**WHAT YOU SHOULD DO**
The answer should reproduce every entry exactly and contain no images.

**********

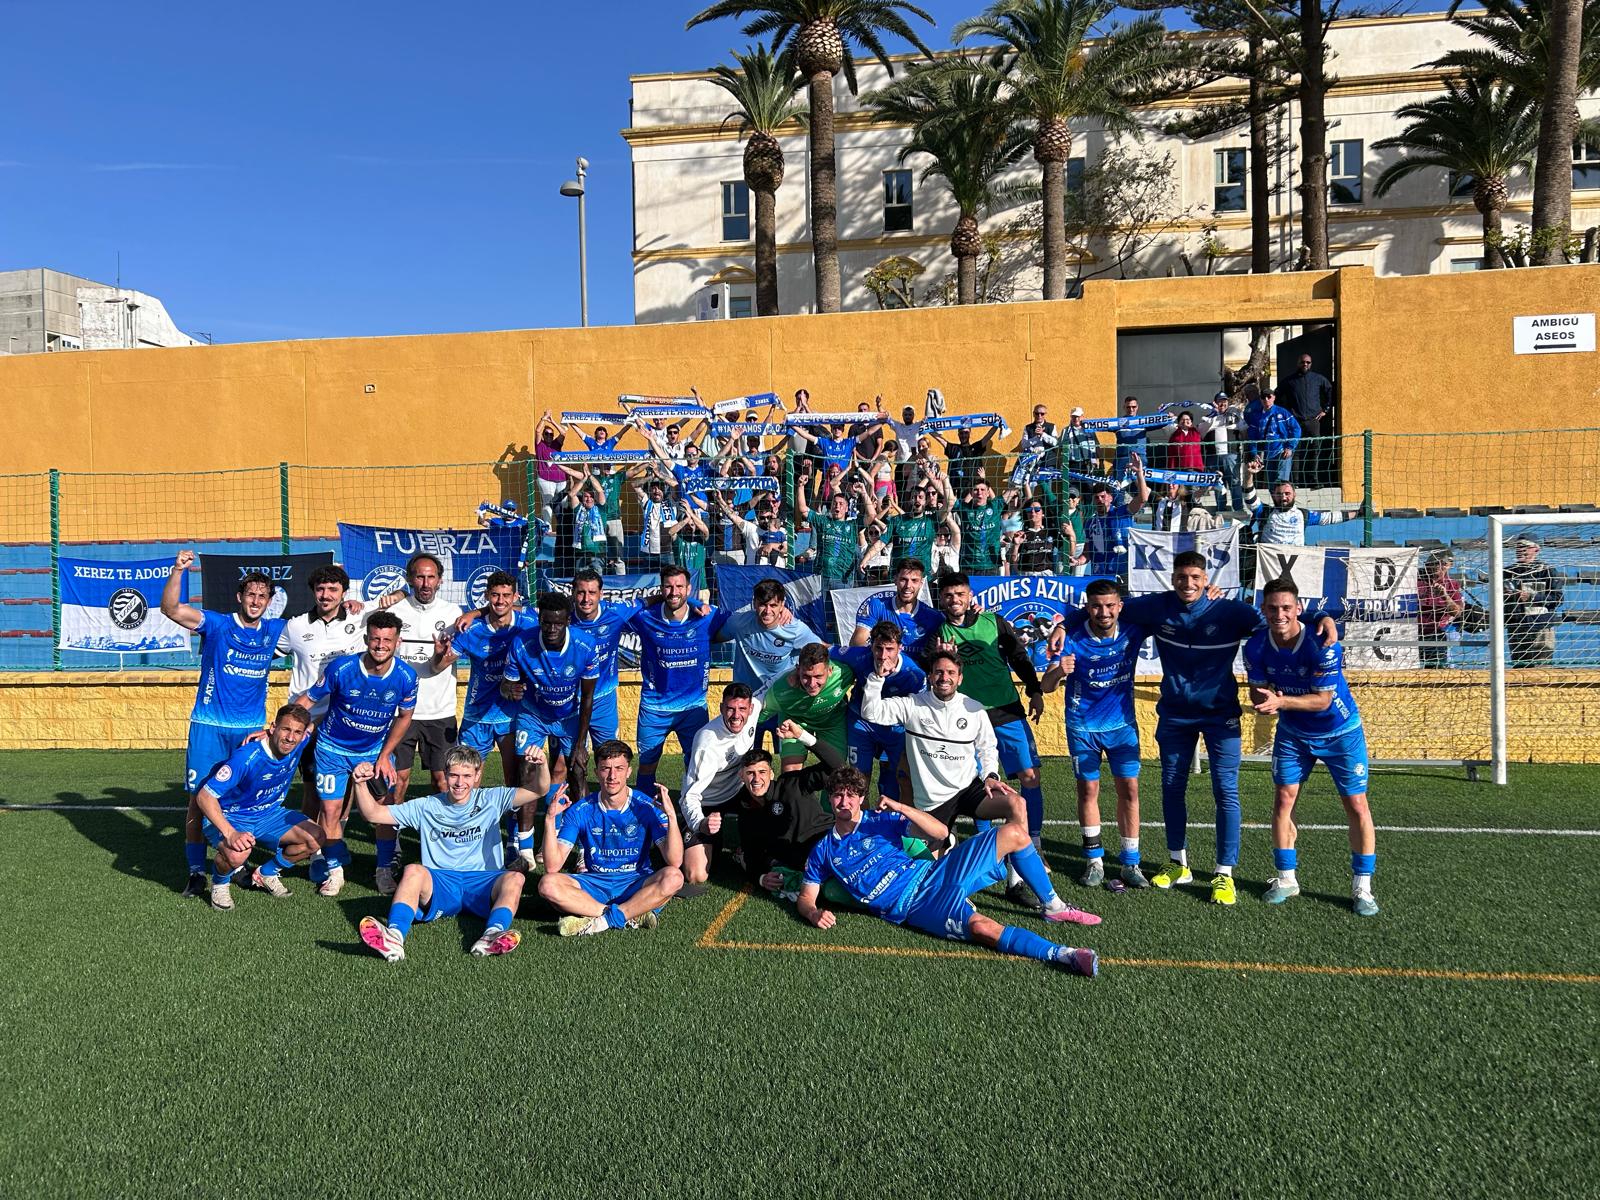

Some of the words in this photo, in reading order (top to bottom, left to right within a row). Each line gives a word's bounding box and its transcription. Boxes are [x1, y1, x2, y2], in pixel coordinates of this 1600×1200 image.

[1535, 331, 1575, 340] ASEOS
[638, 408, 664, 416] XEREZ
[665, 408, 676, 416] TE
[677, 406, 707, 416] ADOBO
[609, 453, 641, 461] ADOBO
[374, 530, 498, 556] FUERZA
[1132, 543, 1167, 571] K
[74, 565, 115, 580] XEREZ
[116, 568, 132, 580] TE
[1373, 557, 1396, 592] D
[663, 645, 698, 655] HIPOTELS
[1373, 627, 1392, 661] C
[352, 707, 393, 719] HIPOTELS
[316, 773, 336, 794] 20
[441, 825, 481, 838] VILOITA
[598, 847, 639, 857] HIPOTELS
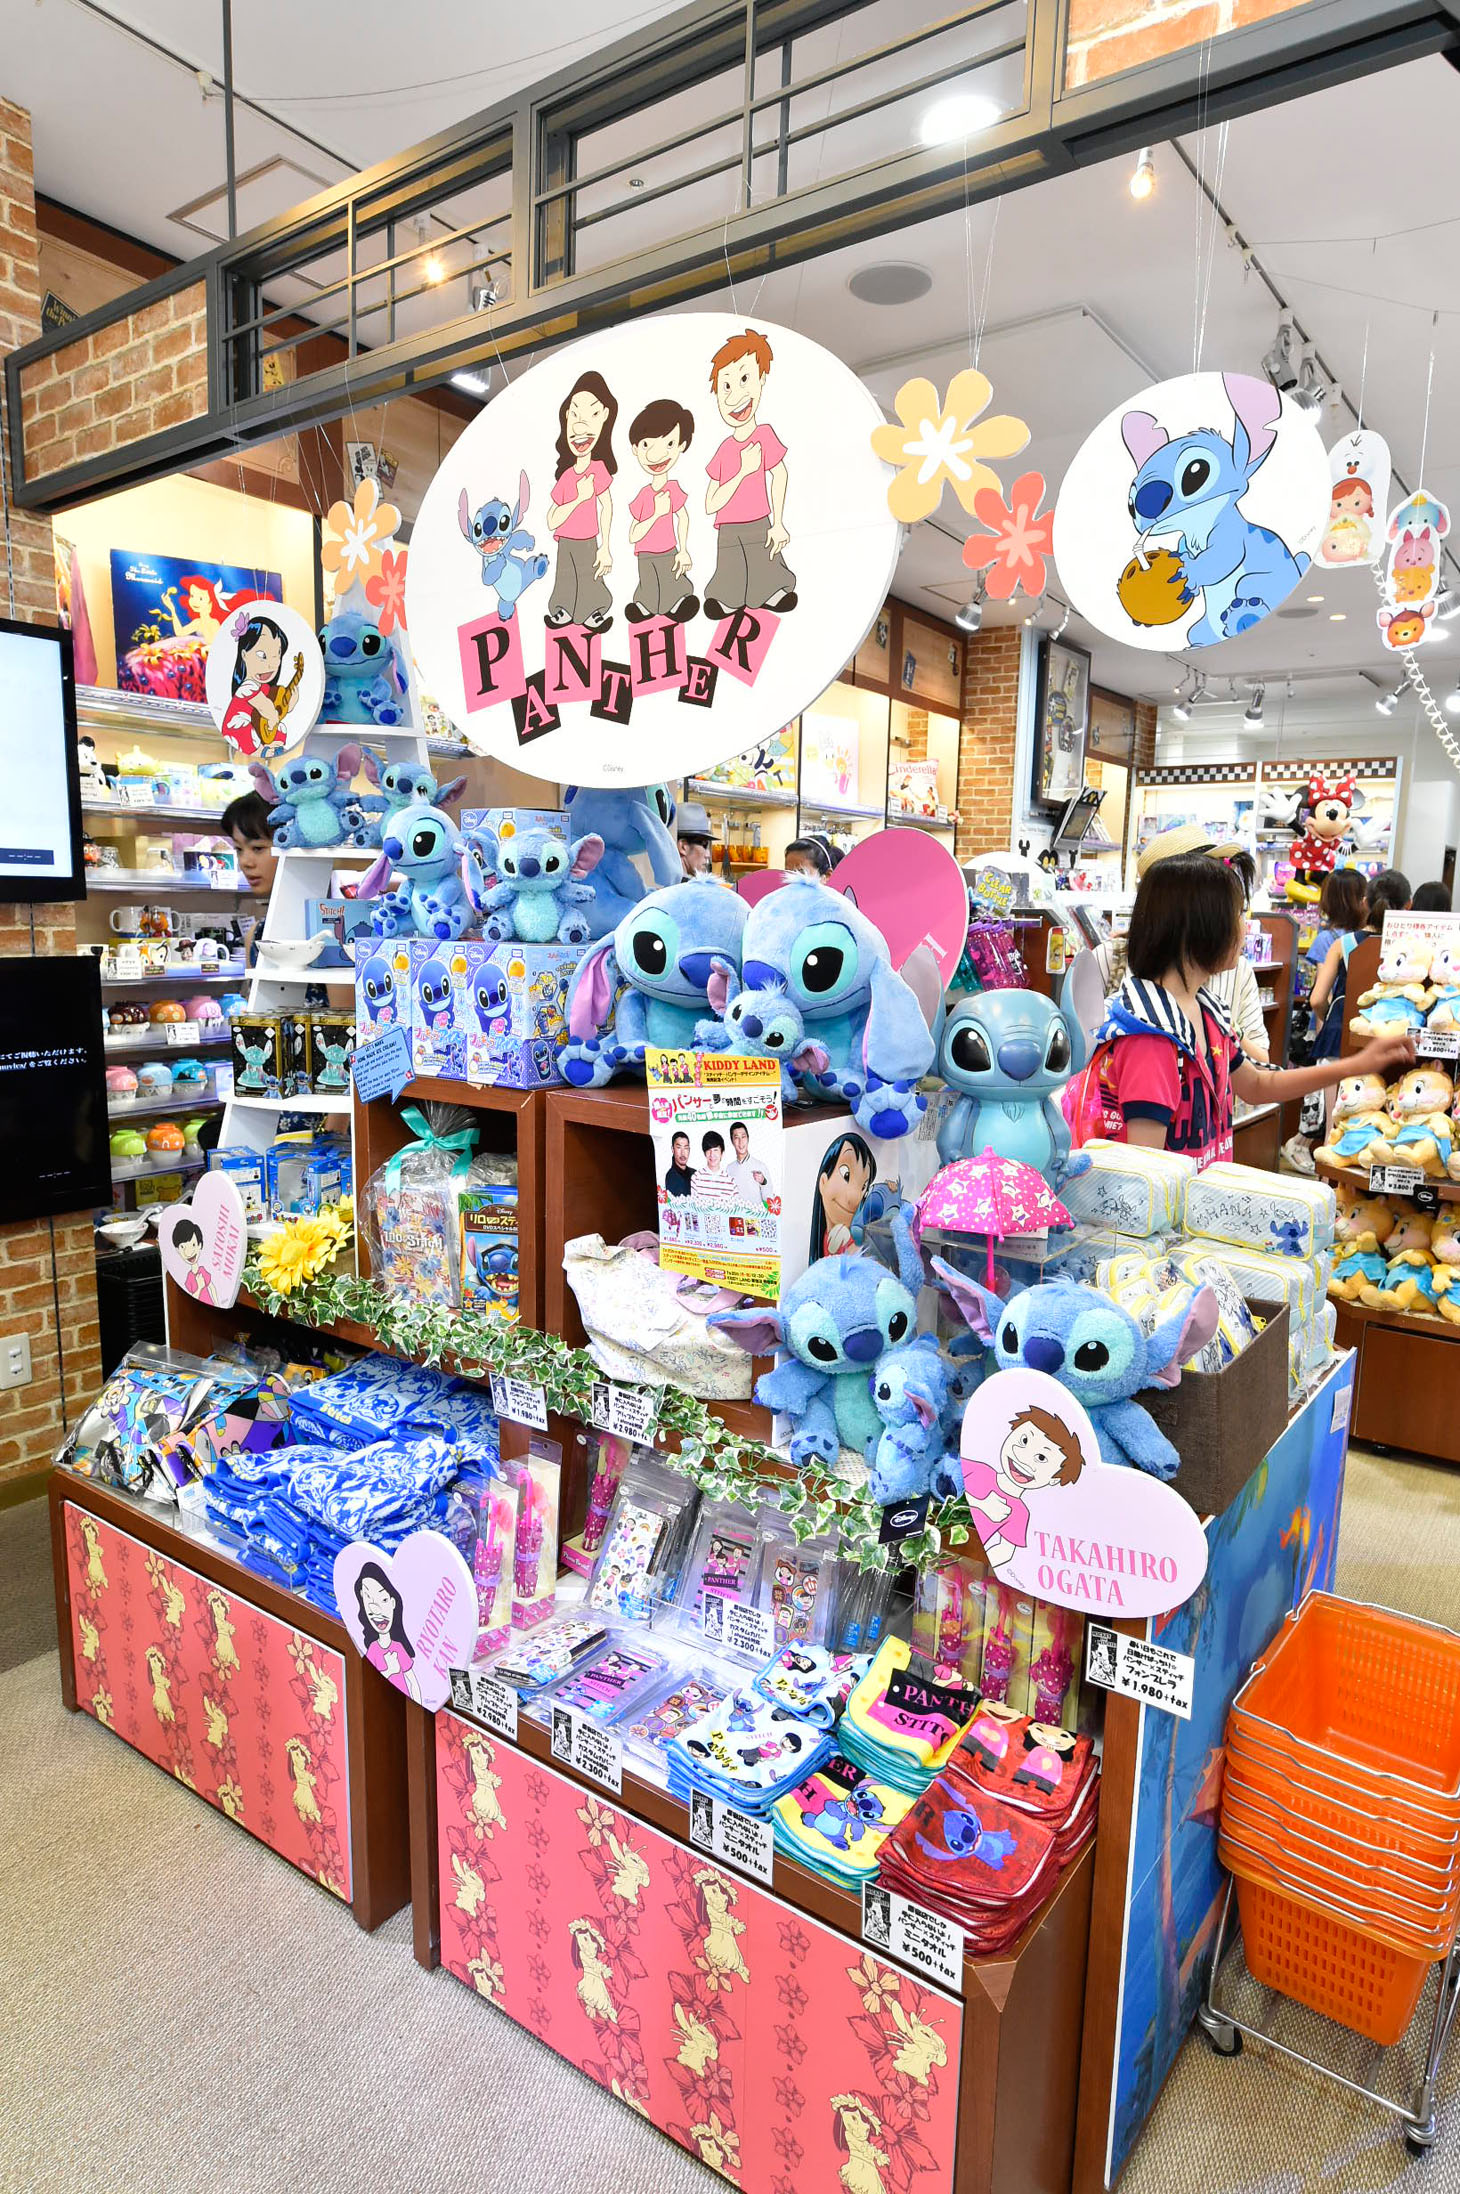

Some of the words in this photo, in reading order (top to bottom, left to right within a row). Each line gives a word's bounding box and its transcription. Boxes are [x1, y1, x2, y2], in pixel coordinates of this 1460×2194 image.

[471, 606, 761, 736] PANTHER
[978, 883, 1008, 907] BOTTLE
[985, 872, 1011, 894] CLEAR
[704, 1060, 740, 1071] KIDDY
[743, 1060, 776, 1071] LAND
[212, 1204, 231, 1271] SATOSHI
[223, 1225, 240, 1280] MUKAI
[1034, 1530, 1178, 1584] TAKAHIRO
[707, 1575, 736, 1585] PANTHER
[1037, 1564, 1125, 1607] OGATA
[416, 1576, 457, 1660] RYOTARO
[433, 1635, 459, 1680] KAN
[724, 1830, 760, 1857] ミニタオル
[902, 1940, 956, 1980] ¥500+tax
[904, 1928, 946, 1959] ミニタオル

**********

**TASK ANSWER**
Some of the words in this photo, in reading order (top to bottom, left to right within a row). Each line gives a word's bounding box and its transcription. Boxes are [x1, y1, x2, y2], in pixel coordinates of this 1600×1200 image.

[1535, 331, 1575, 340] ASEOS
[638, 408, 664, 416] XEREZ
[665, 408, 676, 416] TE
[677, 406, 707, 416] ADOBO
[609, 453, 641, 461] ADOBO
[374, 530, 498, 556] FUERZA
[1132, 543, 1167, 571] K
[74, 565, 115, 580] XEREZ
[116, 568, 132, 580] TE
[1373, 557, 1396, 592] D
[663, 645, 698, 655] HIPOTELS
[1373, 627, 1392, 661] C
[352, 707, 393, 719] HIPOTELS
[316, 773, 336, 794] 20
[441, 825, 481, 838] VILOITA
[598, 847, 639, 857] HIPOTELS

Some of the words in this photo, in reading order (top to bottom, left to right within a row). Each line gives a word's bounding box and its transcription. Boxes are [x1, y1, x2, y2], in pixel coordinates of this 1460×2194 image.

[471, 606, 761, 736] PANTHER
[978, 883, 1008, 907] BOTTLE
[985, 872, 1011, 894] CLEAR
[704, 1060, 740, 1071] KIDDY
[743, 1060, 776, 1071] LAND
[212, 1204, 231, 1271] SATOSHI
[223, 1225, 240, 1280] MUKAI
[1034, 1530, 1178, 1584] TAKAHIRO
[707, 1575, 736, 1585] PANTHER
[1037, 1564, 1125, 1607] OGATA
[416, 1576, 457, 1660] RYOTARO
[433, 1635, 459, 1680] KAN
[724, 1830, 760, 1857] ミニタオル
[902, 1940, 956, 1980] ¥500+tax
[904, 1928, 946, 1959] ミニタオル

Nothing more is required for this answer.